● **WORK INSTRUCTION**: Your task is to repeat all of the data exactly while excluding the pictures.

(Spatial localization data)
--- --- ---
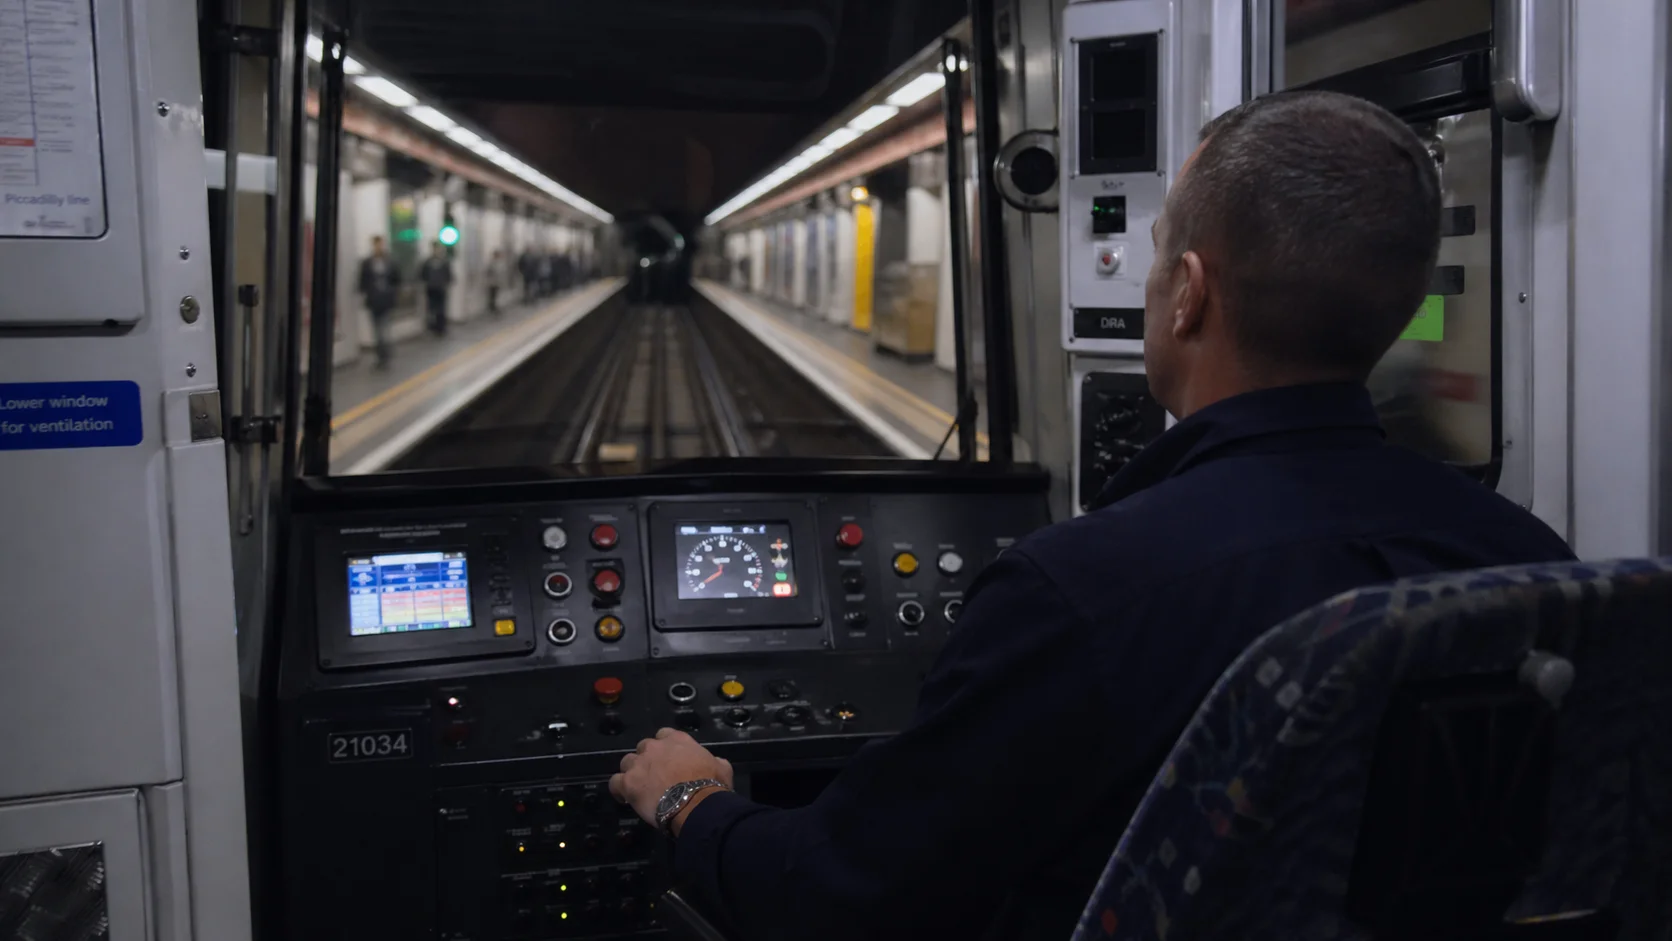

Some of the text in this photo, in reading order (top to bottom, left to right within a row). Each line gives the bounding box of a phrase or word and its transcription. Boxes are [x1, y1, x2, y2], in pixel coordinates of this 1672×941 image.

[5, 193, 91, 207] Piccadilly line
[1100, 316, 1126, 329] DRA
[0, 394, 109, 410] Lower window
[1, 417, 114, 434] for ventilation
[333, 733, 408, 758] 21034
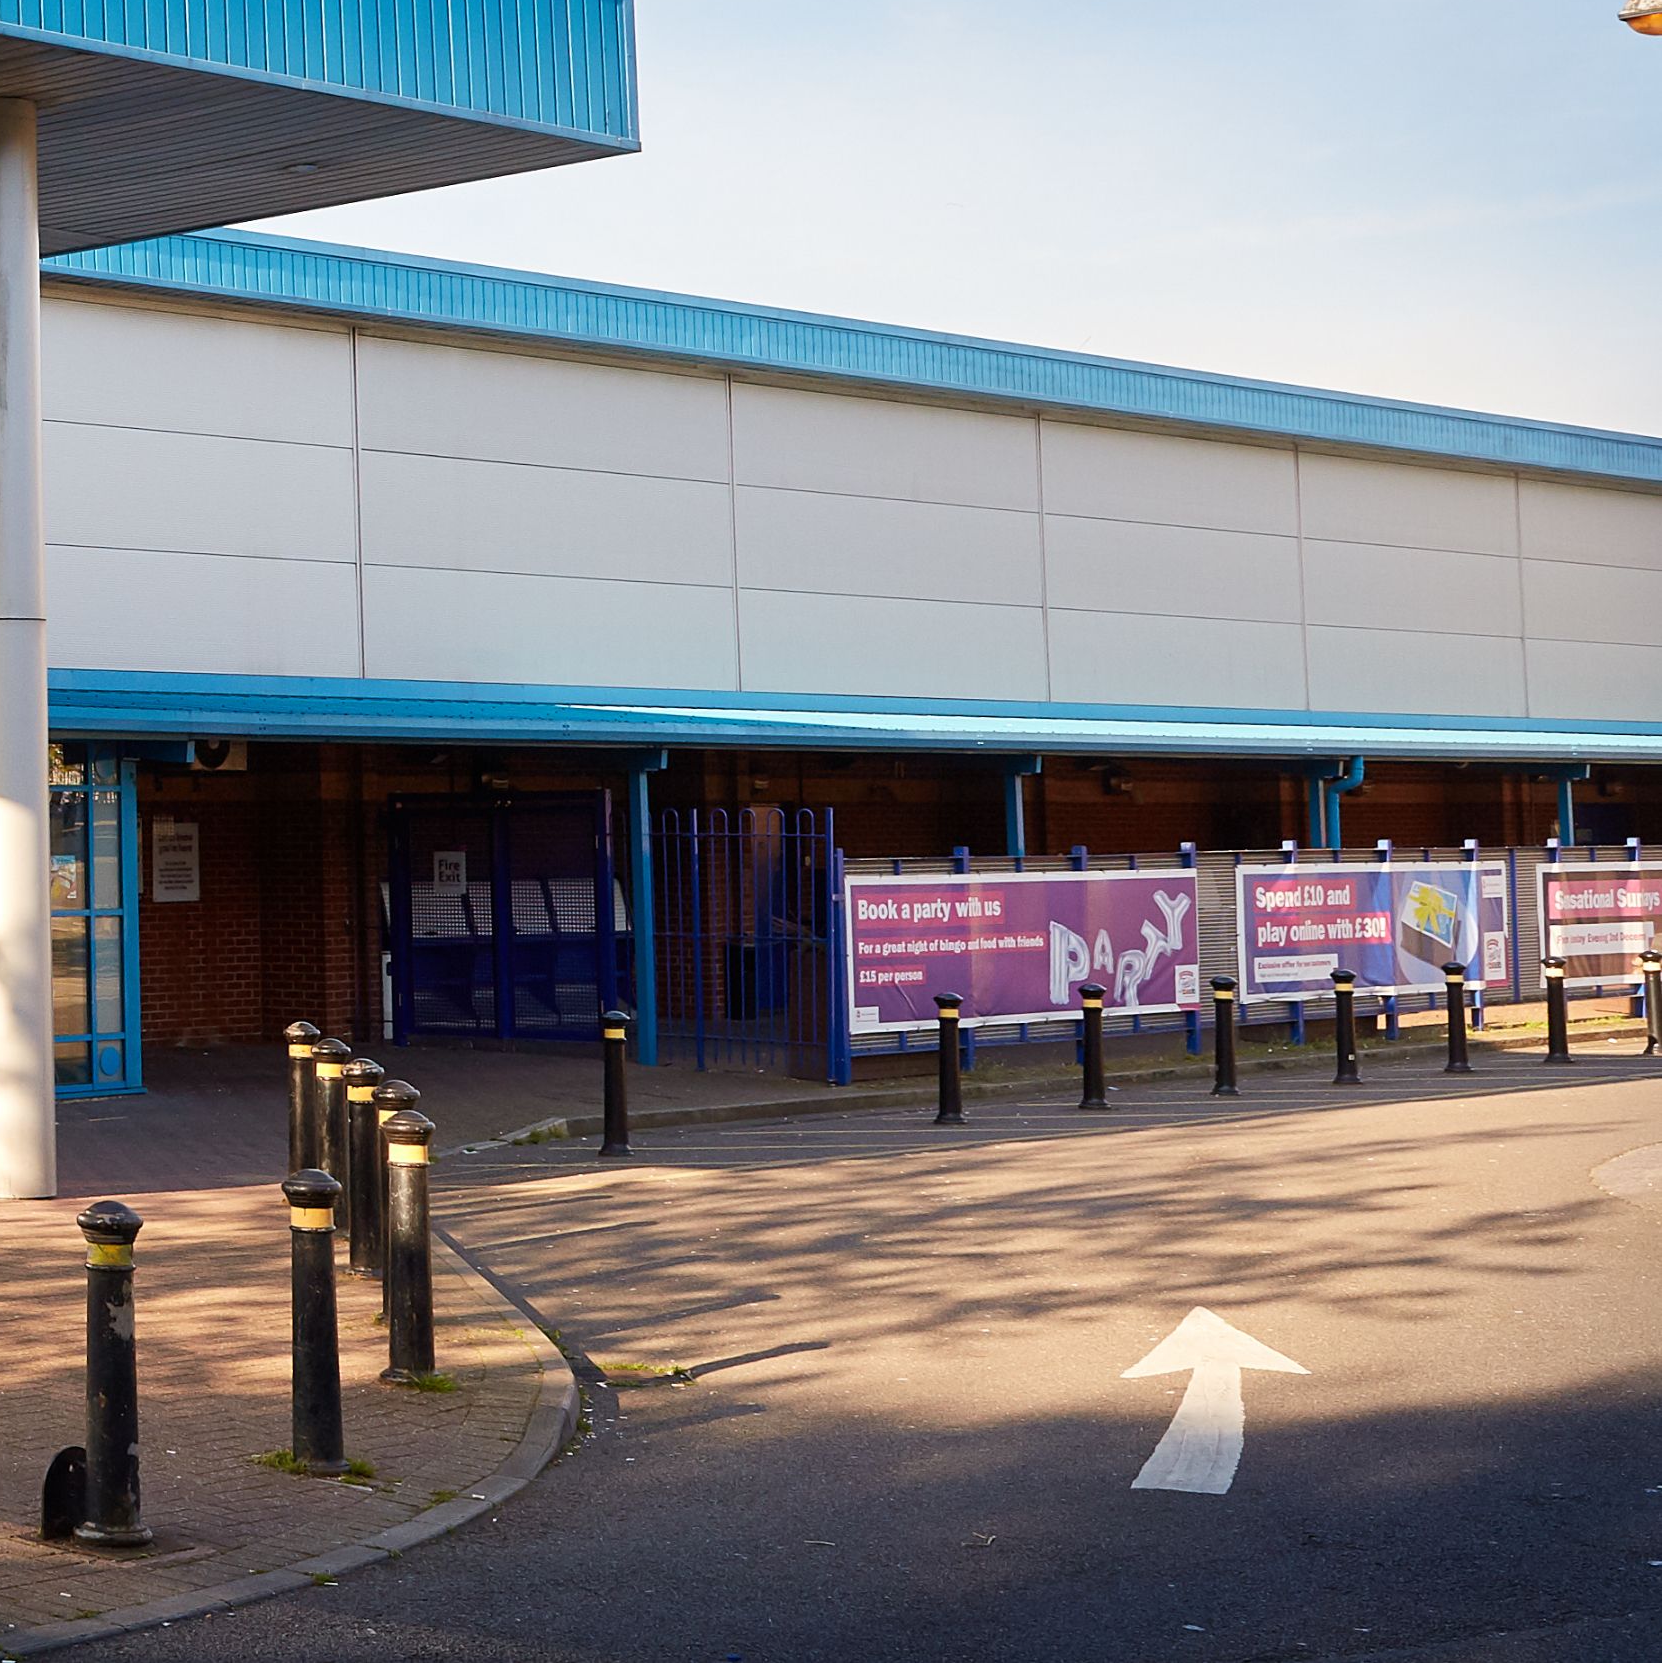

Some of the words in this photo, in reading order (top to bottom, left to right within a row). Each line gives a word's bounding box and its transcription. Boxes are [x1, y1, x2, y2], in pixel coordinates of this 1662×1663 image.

[438, 859, 460, 871] Fire
[438, 871, 461, 882] Exit
[858, 899, 898, 920] Book
[901, 903, 911, 919] a
[913, 898, 951, 923] party
[955, 897, 982, 917] with
[984, 900, 1001, 916] us
[1255, 886, 1301, 912] Spend
[1304, 885, 1324, 906] £10
[1327, 885, 1350, 905] and
[1554, 889, 1614, 910] Ssational
[1616, 888, 1660, 911] Sunays
[1257, 922, 1287, 947] play
[1290, 919, 1325, 941] online
[1327, 918, 1353, 939] with
[1355, 917, 1386, 938] £30!
[858, 942, 874, 955] For
[875, 944, 881, 954] a
[882, 941, 906, 956] great
[907, 940, 928, 955] night
[929, 939, 938, 952] of
[939, 938, 966, 954] bingo
[998, 936, 1017, 948] with
[1017, 935, 1044, 947] friends
[1049, 890, 1192, 1006] PARTY
[859, 970, 876, 983] £15
[878, 971, 893, 984] per
[894, 969, 923, 984] person
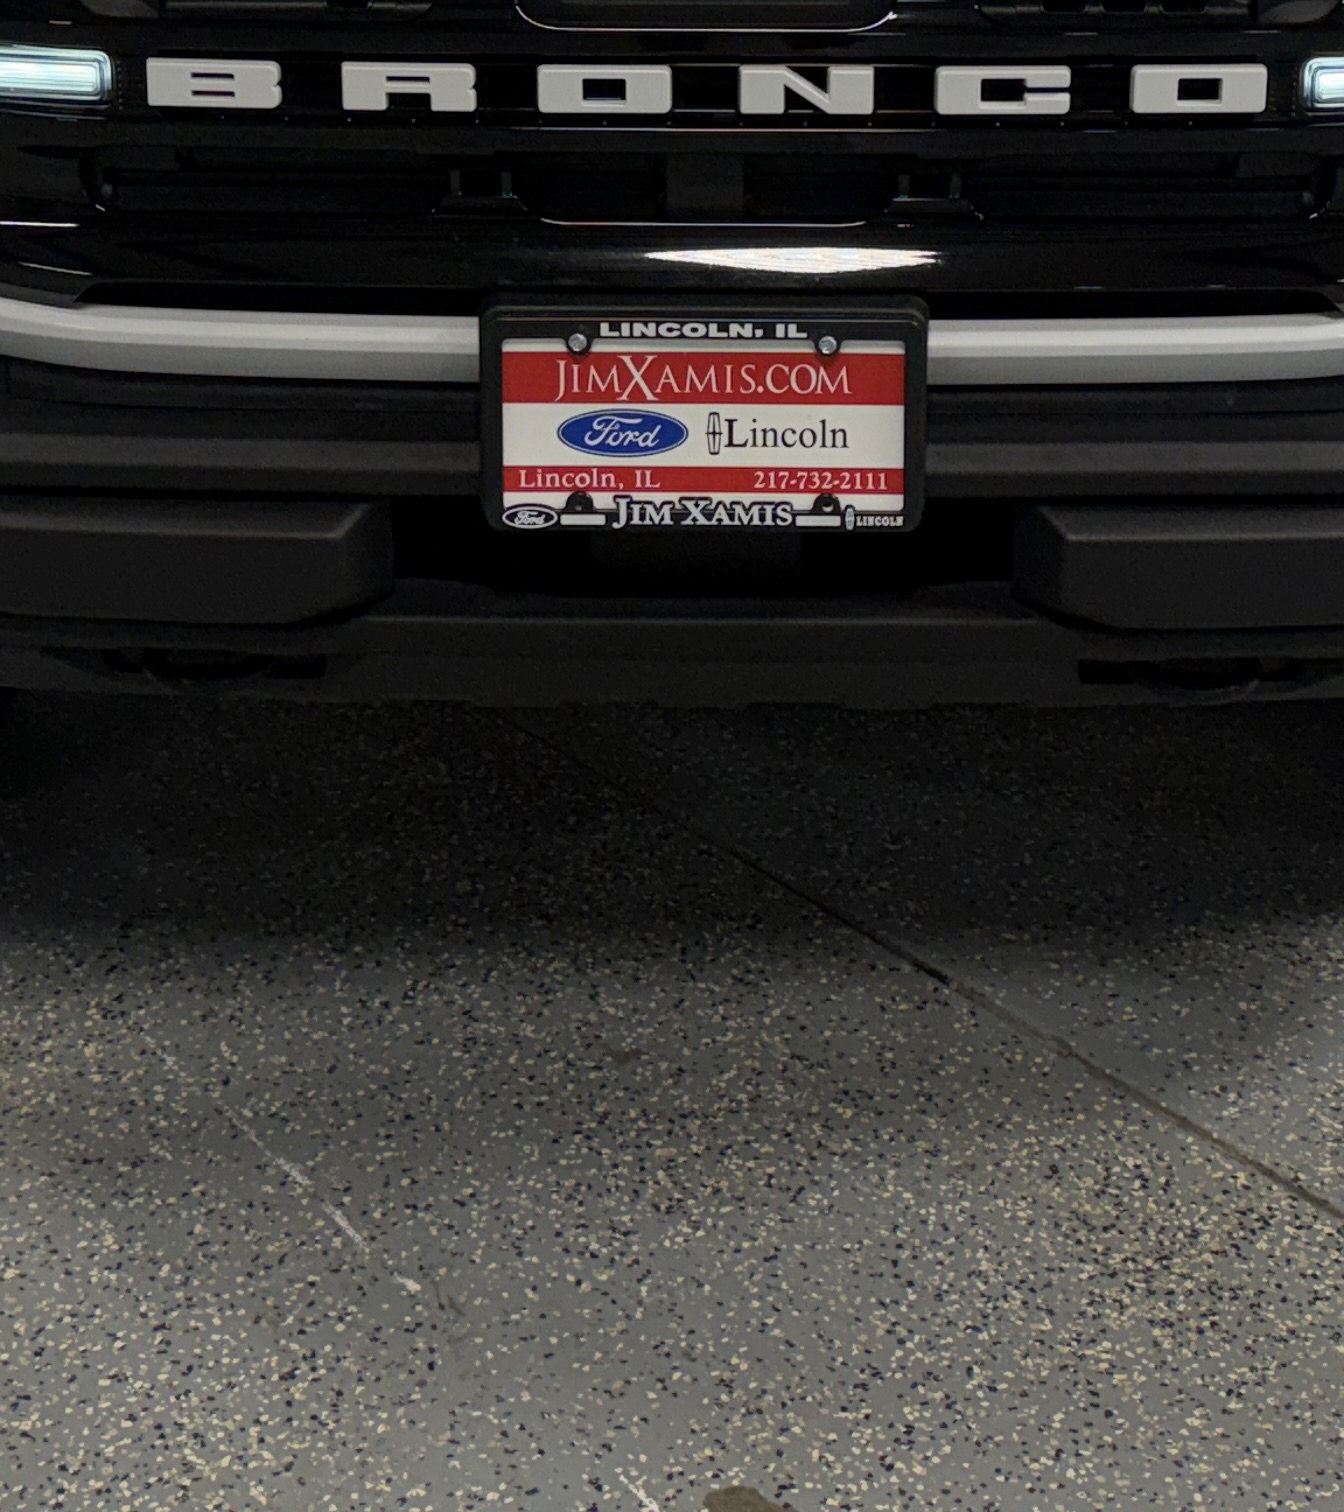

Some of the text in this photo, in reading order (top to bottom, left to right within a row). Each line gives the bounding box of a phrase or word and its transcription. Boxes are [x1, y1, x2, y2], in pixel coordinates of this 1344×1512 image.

[146, 57, 1269, 116] BRONCO
[599, 322, 808, 339] LINCOLN, IL
[554, 354, 853, 402] JIMXAMIS.COM
[583, 416, 849, 449] Ford Lincoln
[519, 469, 888, 490] Lincoln, IL 217-732-2111
[514, 510, 546, 526] Ford
[612, 496, 793, 528] JIM XAMIS
[856, 516, 904, 527] LINCOLN
--- --- ---
● **REPLY**:
Some of the text in this photo, in reading order (top to bottom, left to right within a row). Each line gives the bounding box of a phrase or word and its transcription. Boxes are [x1, y1, x2, y2], in pixel coordinates of this 1672×941 image.

[5, 193, 91, 207] Piccadilly line
[1100, 316, 1126, 329] DRA
[0, 394, 109, 410] Lower window
[1, 417, 114, 434] for ventilation
[333, 733, 408, 758] 21034

Some of the words in this photo, in reading order (top to bottom, left to right within a row). Each line gives a word's bounding box and its transcription. Boxes are [x1, y1, x2, y2], in pixel coordinates of this 1662×1663 image.

[438, 859, 460, 871] Fire
[438, 871, 461, 882] Exit
[858, 899, 898, 920] Book
[901, 903, 911, 919] a
[913, 898, 951, 923] party
[955, 897, 982, 917] with
[984, 900, 1001, 916] us
[1255, 886, 1301, 912] Spend
[1304, 885, 1324, 906] £10
[1327, 885, 1350, 905] and
[1554, 889, 1614, 910] Ssational
[1616, 888, 1660, 911] Sunays
[1257, 922, 1287, 947] play
[1290, 919, 1325, 941] online
[1327, 918, 1353, 939] with
[1355, 917, 1386, 938] £30!
[858, 942, 874, 955] For
[875, 944, 881, 954] a
[882, 941, 906, 956] great
[907, 940, 928, 955] night
[929, 939, 938, 952] of
[939, 938, 966, 954] bingo
[998, 936, 1017, 948] with
[1017, 935, 1044, 947] friends
[1049, 890, 1192, 1006] PARTY
[859, 970, 876, 983] £15
[878, 971, 893, 984] per
[894, 969, 923, 984] person

Some of the text in this photo, in reading order (top to bottom, left to right within a row). Each line gives the bounding box of a phrase or word and its transcription. Boxes are [x1, y1, x2, y2], in pixel coordinates of this 1344×1512 image.

[146, 57, 1269, 116] BRONCO
[599, 322, 808, 339] LINCOLN, IL
[554, 354, 853, 402] JIMXAMIS.COM
[583, 416, 849, 449] Ford Lincoln
[519, 469, 888, 490] Lincoln, IL 217-732-2111
[514, 510, 546, 526] Ford
[612, 496, 793, 528] JIM XAMIS
[856, 516, 904, 527] LINCOLN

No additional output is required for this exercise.